By Ahmed HM, Hashem AA

Date: 01/2017
Journal: JOE

Summary:  

•Purpose: to summarize prevalence and etiology of accessory roots and root canals in anterior teeth, clinical and radiographical detection by conventional and contemporary tools, and treatment modifications and clinical outcome. 

•Materials/Methods: 

•Electronic search for articles published in Jan. 1970 to Nov. 2014 in 5 major endodontic journals; Australian Endodontic Journals, Dental Traumatology; International Endodontic Journal, Journal of Endodontics, and Oral Surgery Oral Medicine Oral Pathology.
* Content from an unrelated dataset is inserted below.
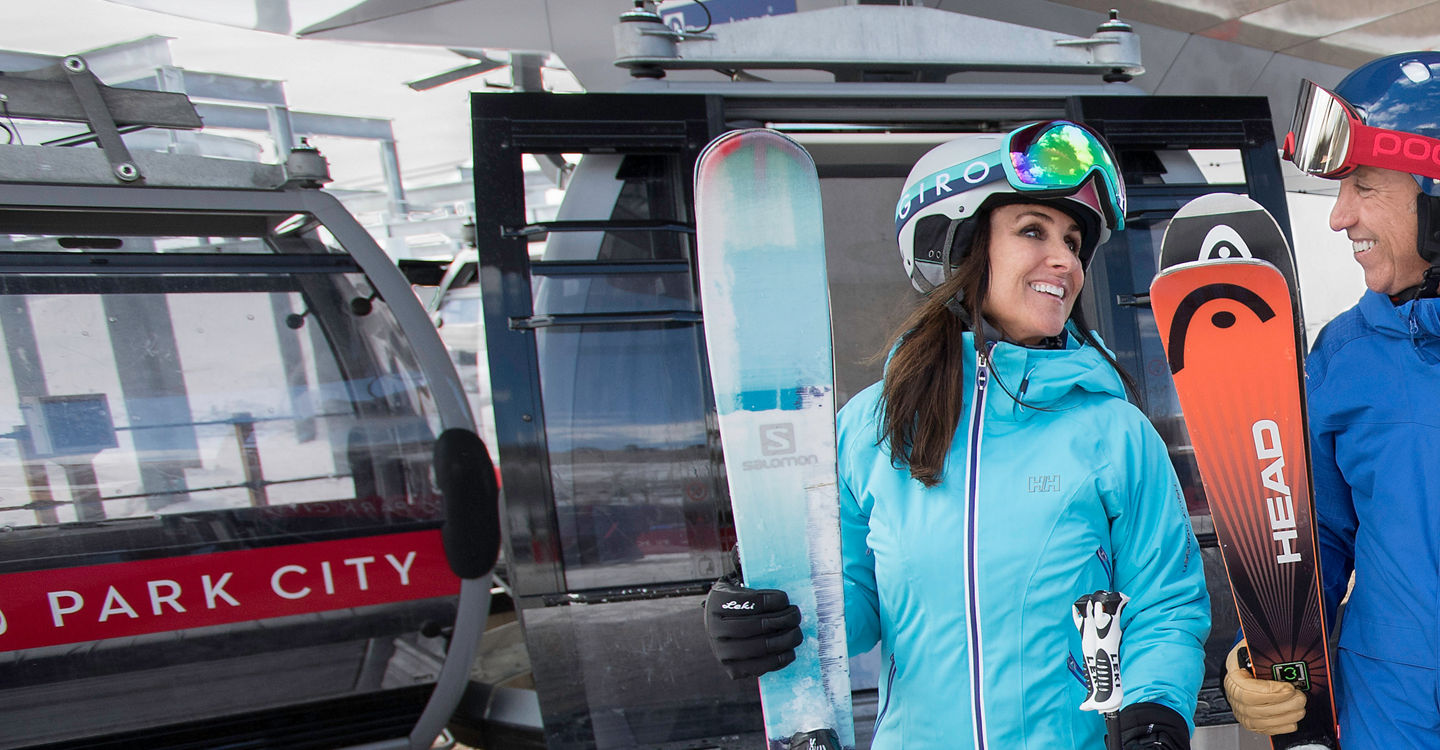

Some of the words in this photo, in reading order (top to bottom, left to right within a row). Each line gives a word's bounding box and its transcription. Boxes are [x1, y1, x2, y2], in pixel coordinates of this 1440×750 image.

•n: 86  Inclusion criteria; exclusion criteria:

Table.1

Highlights:

•Maxillary anterior teeth:

•Most common root canal configuration is type IV (2-2) mostly  in M-D direction

•Mandibular anterior teeth:

•More complex root canal configuration than their maxillary counterparts •Most common root canal configuration is type IV (2-2) and type V (1-2) mostly in labiolingual direction

•Dense invaginatus: 

•invagination of the enamel organ into the dental papilla prior to calcification Prevalence: ranges from<1% to > 26%

•Types:

•1- Type I: Most common; confined enamel form to the crown and do not extend to the CEJ

•2- Type II: Confined enamel form extend to the root as a blind sac ± pulp communication. Radiographic appearance is a RL tear drop shape surrounded by RO border

•3- Type III: The invagination perforate the root showing a second foramen; cementum is frequently found; no immediate communication to the pulp. Radiographic appearance is a  blunderbuss opening to the PDL (pseudo canal)

•Found mostly maxillary lateral > maxillary central > mandibular incisors and canine

Highlights:

•Palato-gingival groove (radicular lingual groove; disto-lingual groove): •Prevalence: ranges from  <1% to >18% •Primary maxillary canine has more prevalence of Double roots than their mandibular counterparts

Strengths: Overview of accessory roots’ prevalence, canal configuration type, radiographic appearance and treatment options.

  Weakness:  Did not state the sample   size directly instead presented it in tables and inter/intra   reviewer  reliability were not mentioned.